There have already been proposals regarding Albertans' apathy.
The main contender seems to be suggestions for compulsory voting. Several countries have some form of sanction to encourage voting, from the mild fines in Australia and Belgium to heavy financial consequences in Bolivia and even difficulty getting a driver's licence or passport in Greece. The evidence suggests that compulsion does, indeed, increase participation. But the question is whether this forced participation is good for democracy. As I said above, democracy is based on informed, responsible participation. As anti-compulsion campaigners in Australia point out, you can force someone to vote but you can't force them to vote responsibly. At worst, compulsion would mean that the 60% of people who currently don't vote in Alberta would just vote randomly, obscuring any rational, considered decisions from the 40% of responsible voters. It could make a mockery of the idea of democracy.
What we need is some means of persuading people that their vote counts, that it is worth their while to voluntarily educate themselves on the choices and vote out of a will to participate.
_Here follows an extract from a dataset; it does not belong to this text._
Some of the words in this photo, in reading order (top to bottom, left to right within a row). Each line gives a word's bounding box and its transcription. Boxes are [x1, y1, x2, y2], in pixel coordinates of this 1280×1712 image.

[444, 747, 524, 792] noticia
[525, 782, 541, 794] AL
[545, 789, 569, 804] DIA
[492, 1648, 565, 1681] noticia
What we need, in fact, is electoral reforms. See my previous post for more details on electoral reform. Check out the table of countries in the Wikipedia article on voter turnout. Notice that Canada is toward the bottom, with 76% turnout in recent elections. Alberta's 41% would be well off the bottom of this graph. If you go through this list of 36 countries and look up what their electoral system is, you'll find that the first-past-the-post system we use here in Canada is far more prevalent toward the bottom, among the countries with lower voter turnout. I admit, this is by no means a clear and rigorous statistical observation, but it is suggestive.
Compulsion as exercised in other countries is often not severe - the fines in Australia are under $100, no worse than a speeding ticket - but it attacks the wrong problem. The problem is not simply that not enough people vote; it's that not enough people feel involved, not enough people are inspired by the idea of participating in a democracy. Part of that is due to an electoral system that doesn't represent voters' preferences well. Part of it is because most voters today haven't been face-to-face with the alternatives to democracy. Part of it is because we often have rather insipid, uninspiring politicians.
I'd rather not have to go to war or beat down an upstart dictator in our own country just to inspire participation in our democracy, so let's see about changing things on a less revolutionary level, eh? Simple, empowering electoral reforms have a real chance of turning around the rampant apathy we have in Canada, Britain, and other developed countries.